• [TASK OBJECTIVE]: The entries are to be duplicated exactly, though any picture in them must be omitted.

• [THE RECORDS]:
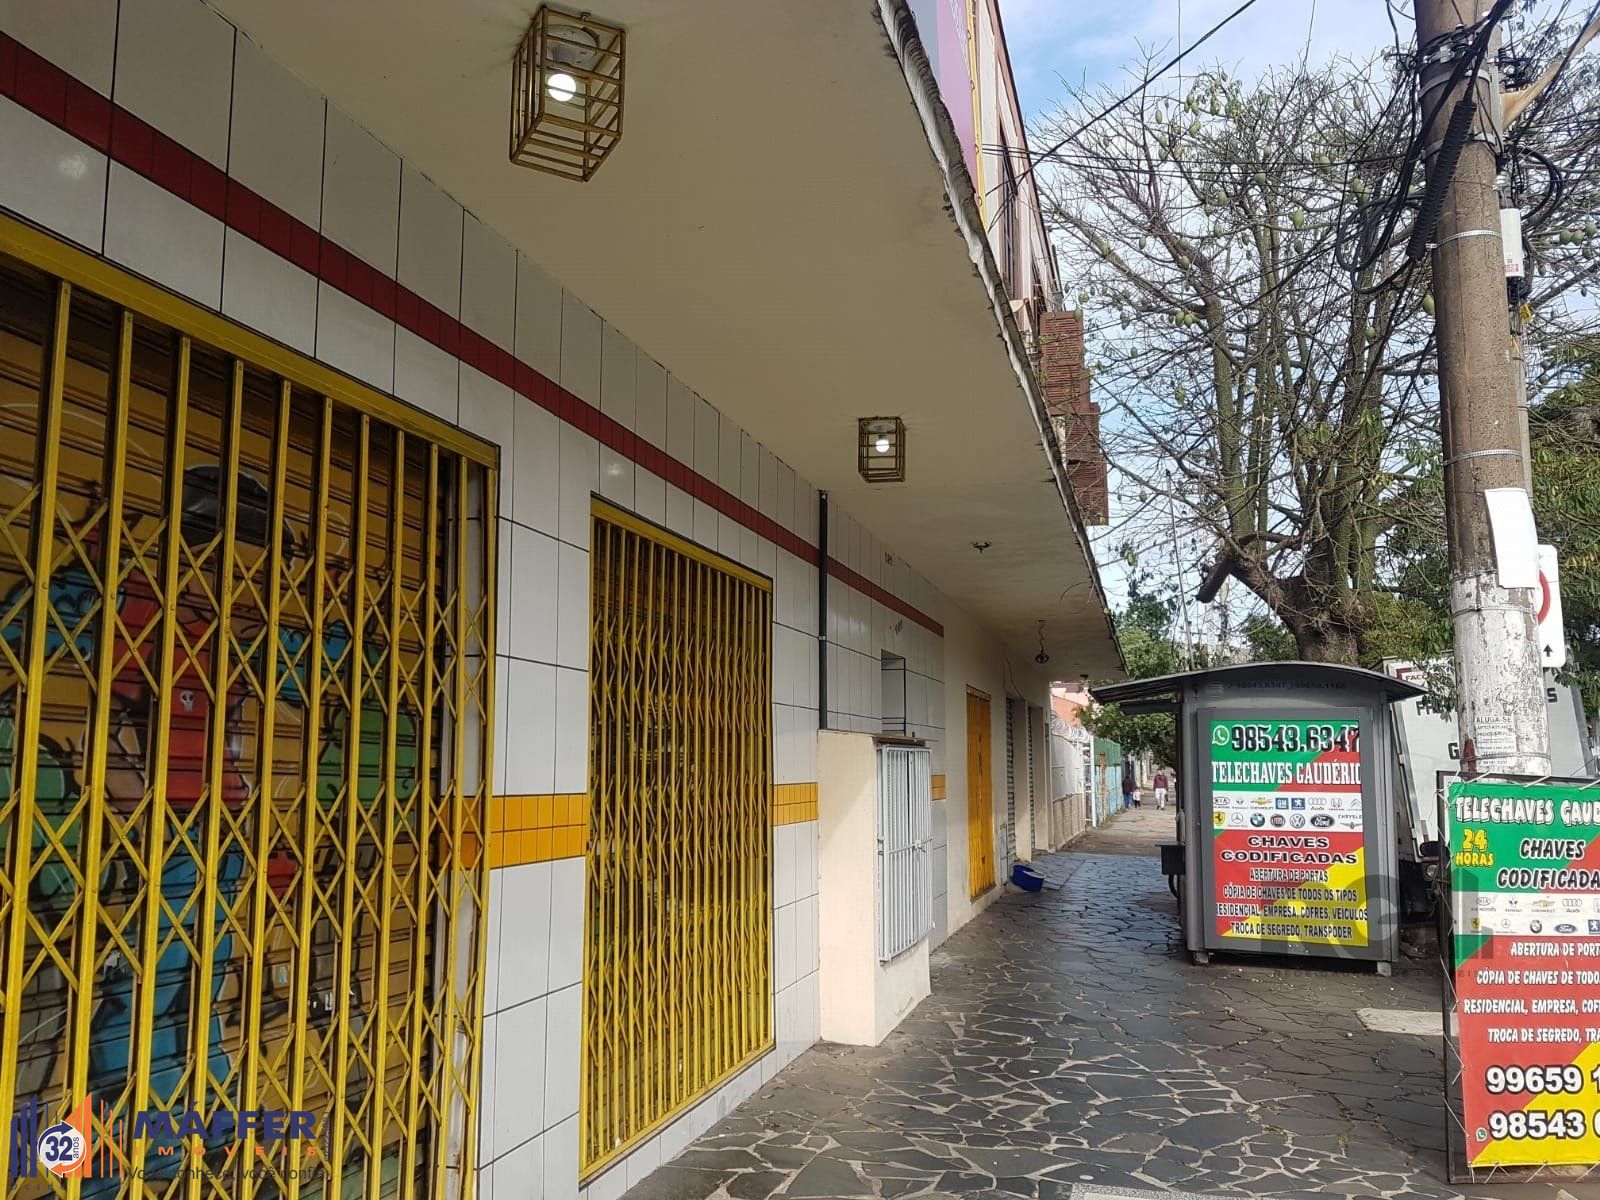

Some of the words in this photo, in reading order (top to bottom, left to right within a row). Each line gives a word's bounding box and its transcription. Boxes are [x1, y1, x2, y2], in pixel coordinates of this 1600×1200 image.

[1231, 725, 1359, 752] 98543.6347
[1212, 761, 1293, 784] TELECHAVES
[1455, 796, 1554, 824] TELECHAVES
[1248, 836, 1329, 848] CHAVES
[1463, 828, 1488, 851] 24
[1520, 839, 1585, 859] CHAVES
[1221, 850, 1358, 864] CODIFICADAS
[1455, 852, 1495, 867] HORAS
[1250, 868, 1287, 882] ABERTURA
[1289, 870, 1299, 882] DE
[1300, 870, 1329, 883] PORTAS
[1496, 867, 1600, 889] CODIFICADA
[1223, 881, 1244, 900] CÓPIA
[1246, 886, 1256, 900] DE
[1258, 887, 1286, 901] CHAVES
[1287, 888, 1297, 901] DE
[1298, 888, 1322, 902] TODOS
[1324, 889, 1334, 902] OS
[1335, 890, 1357, 902] TIPOS
[1230, 922, 1255, 936] TROCA
[1256, 923, 1265, 936] DE
[1304, 926, 1352, 940] TRANSPODER
[1510, 942, 1560, 957] ABERTURA
[1562, 943, 1575, 957] DE
[1476, 966, 1505, 985] CÓPIA
[1507, 970, 1521, 985] DE
[1523, 970, 1558, 985] CHAVES
[1561, 970, 1574, 985] DE
[1463, 999, 1528, 1015] RESIDENCIAL,
[1531, 999, 1579, 1015] EMPRESA,
[1487, 1028, 1518, 1043] TROCA
[1521, 1028, 1534, 1043] DE
[1536, 1028, 1582, 1045] SEGREDO,
[1485, 1065, 1584, 1094] 99659
[1488, 1109, 1587, 1140] 98543
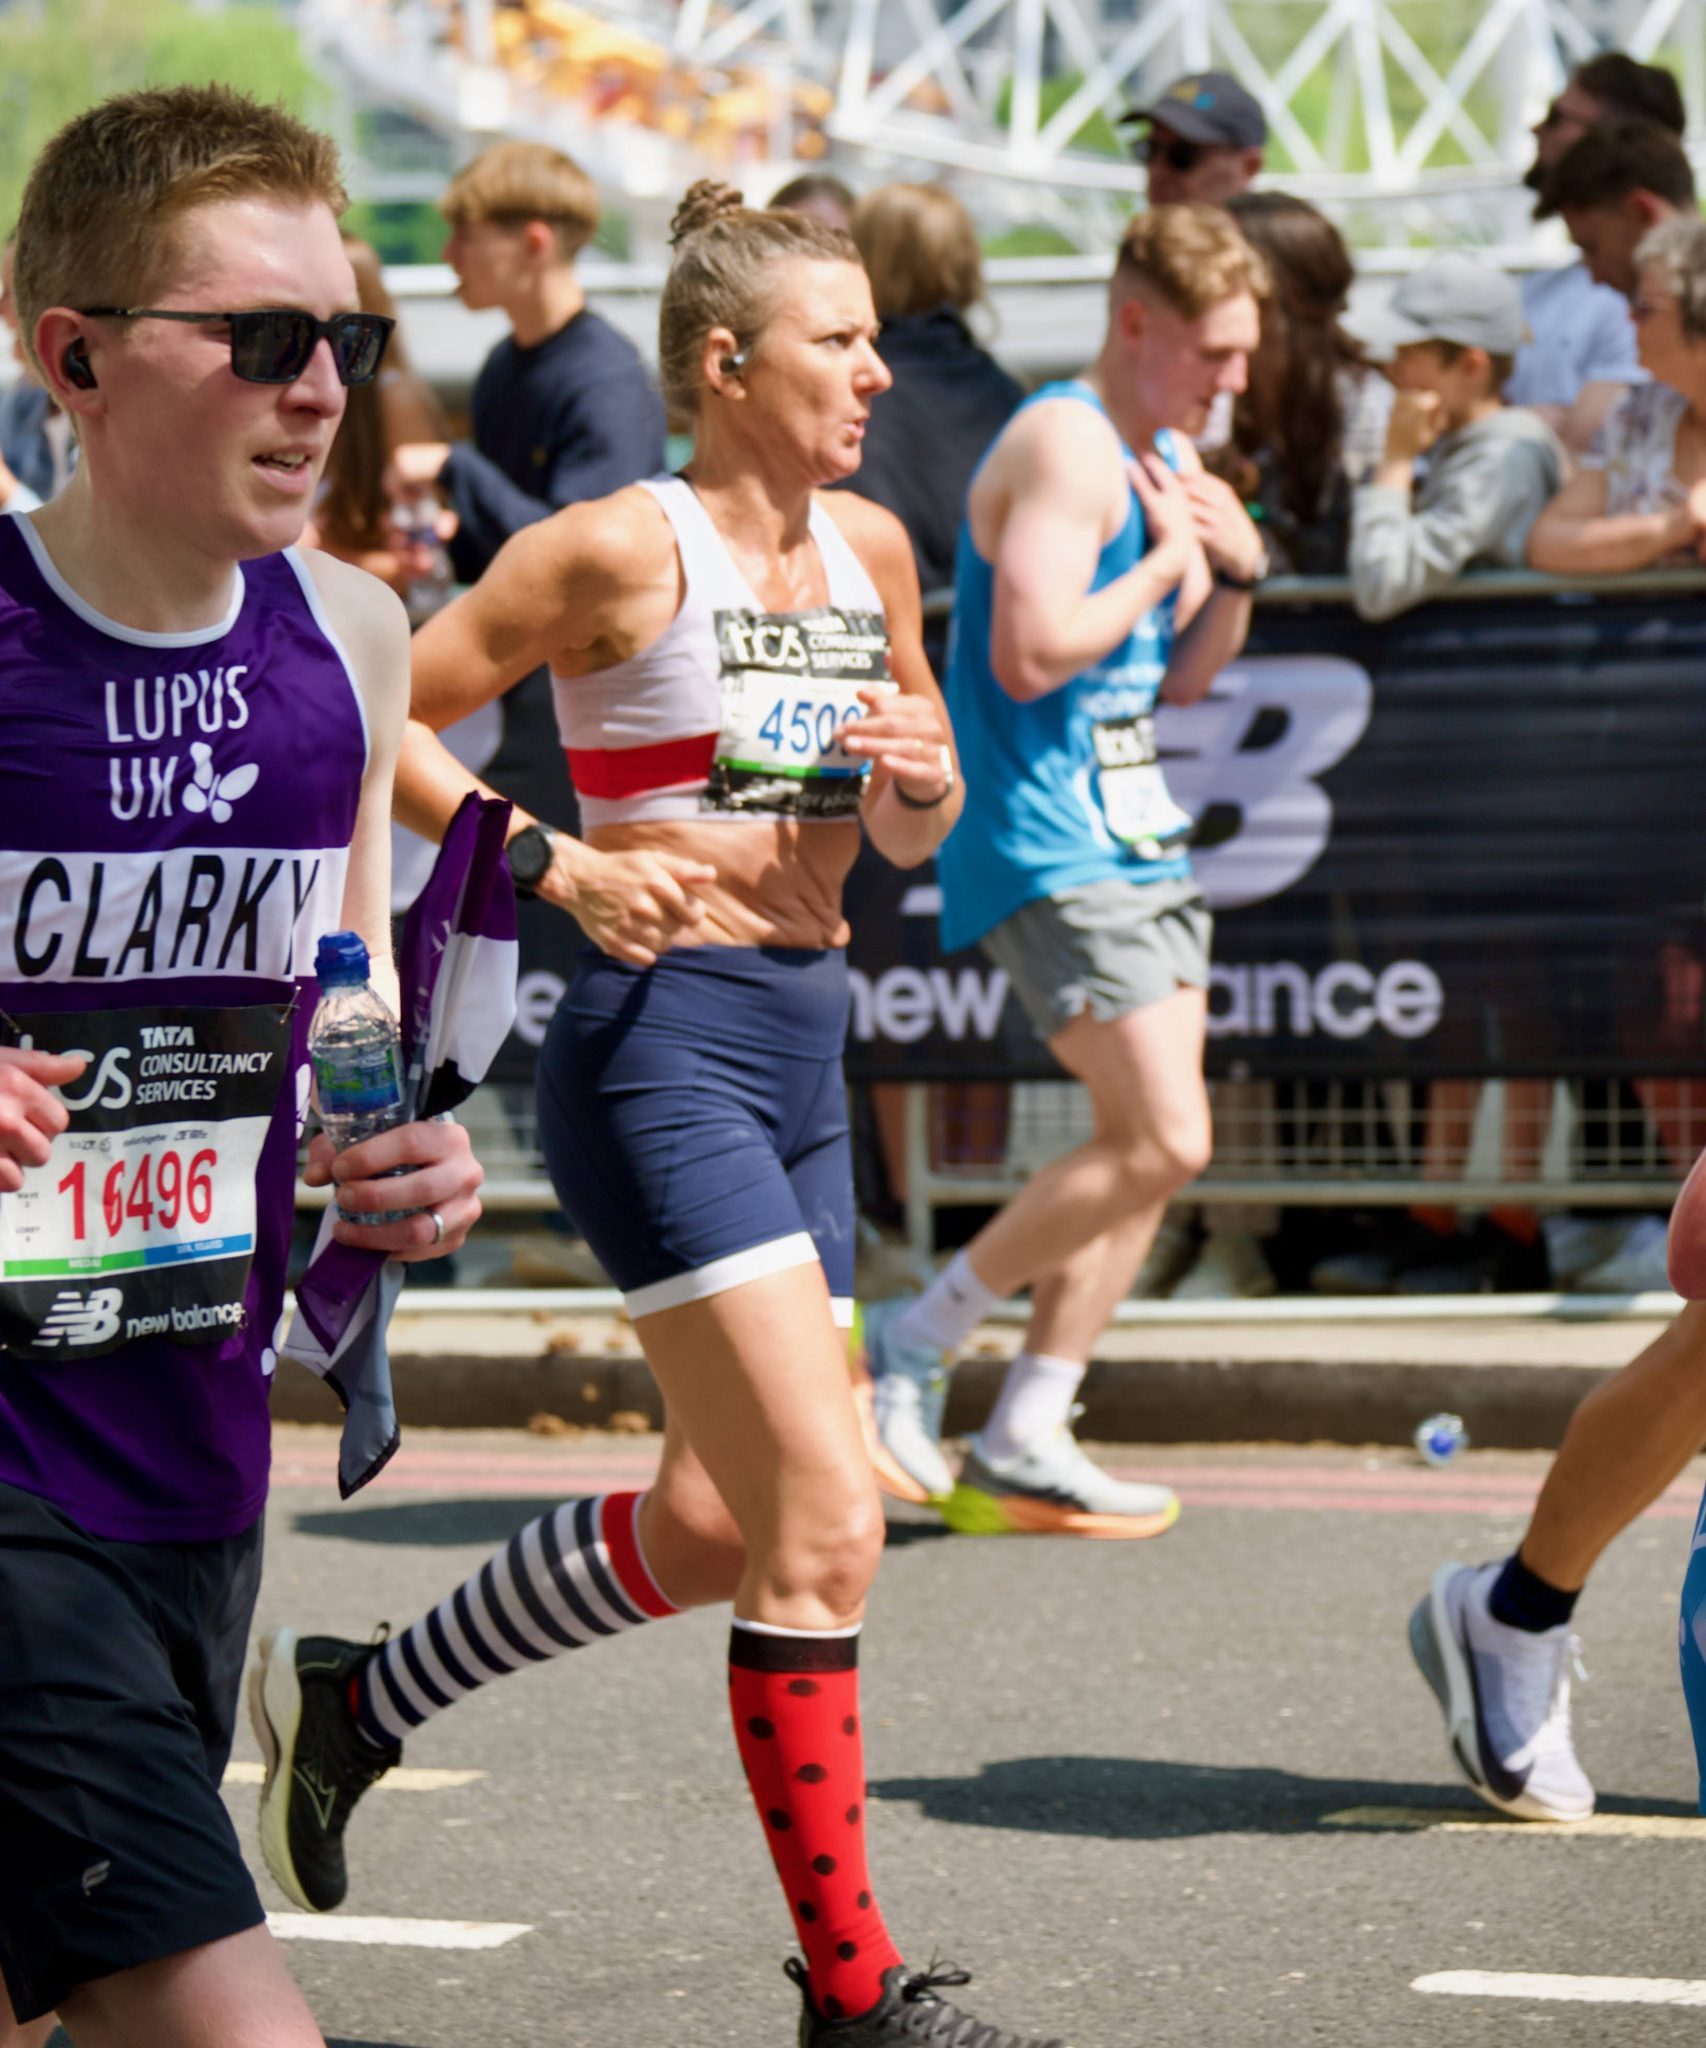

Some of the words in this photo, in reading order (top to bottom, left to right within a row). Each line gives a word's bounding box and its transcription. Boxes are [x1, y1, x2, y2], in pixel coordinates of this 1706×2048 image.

• [TASK RESPONSE]:
Some of the words in this photo, in reading order (top to bottom, left to right within a row). Each line gives a word's bounding box and its transcription. Boxes are [x1, y1, x2, y2], in pixel coordinates of this 1600×1200 image.

[1231, 725, 1359, 752] 98543.6347
[1212, 761, 1293, 784] TELECHAVES
[1455, 796, 1554, 824] TELECHAVES
[1248, 836, 1329, 848] CHAVES
[1463, 828, 1488, 851] 24
[1520, 839, 1585, 859] CHAVES
[1221, 850, 1358, 864] CODIFICADAS
[1455, 852, 1495, 867] HORAS
[1250, 868, 1287, 882] ABERTURA
[1289, 870, 1299, 882] DE
[1300, 870, 1329, 883] PORTAS
[1496, 867, 1600, 889] CODIFICADA
[1223, 881, 1244, 900] CÓPIA
[1246, 886, 1256, 900] DE
[1258, 887, 1286, 901] CHAVES
[1287, 888, 1297, 901] DE
[1298, 888, 1322, 902] TODOS
[1324, 889, 1334, 902] OS
[1335, 890, 1357, 902] TIPOS
[1230, 922, 1255, 936] TROCA
[1256, 923, 1265, 936] DE
[1304, 926, 1352, 940] TRANSPODER
[1510, 942, 1560, 957] ABERTURA
[1562, 943, 1575, 957] DE
[1476, 966, 1505, 985] CÓPIA
[1507, 970, 1521, 985] DE
[1523, 970, 1558, 985] CHAVES
[1561, 970, 1574, 985] DE
[1463, 999, 1528, 1015] RESIDENCIAL,
[1531, 999, 1579, 1015] EMPRESA,
[1487, 1028, 1518, 1043] TROCA
[1521, 1028, 1534, 1043] DE
[1536, 1028, 1582, 1045] SEGREDO,
[1485, 1065, 1584, 1094] 99659
[1488, 1109, 1587, 1140] 98543

Some of the words in this photo, in reading order (top to bottom, left to right within a row). Each line gives a word's bounding box and its transcription. Boxes are [x1, y1, x2, y2], in pixel coordinates of this 1706×2048 image.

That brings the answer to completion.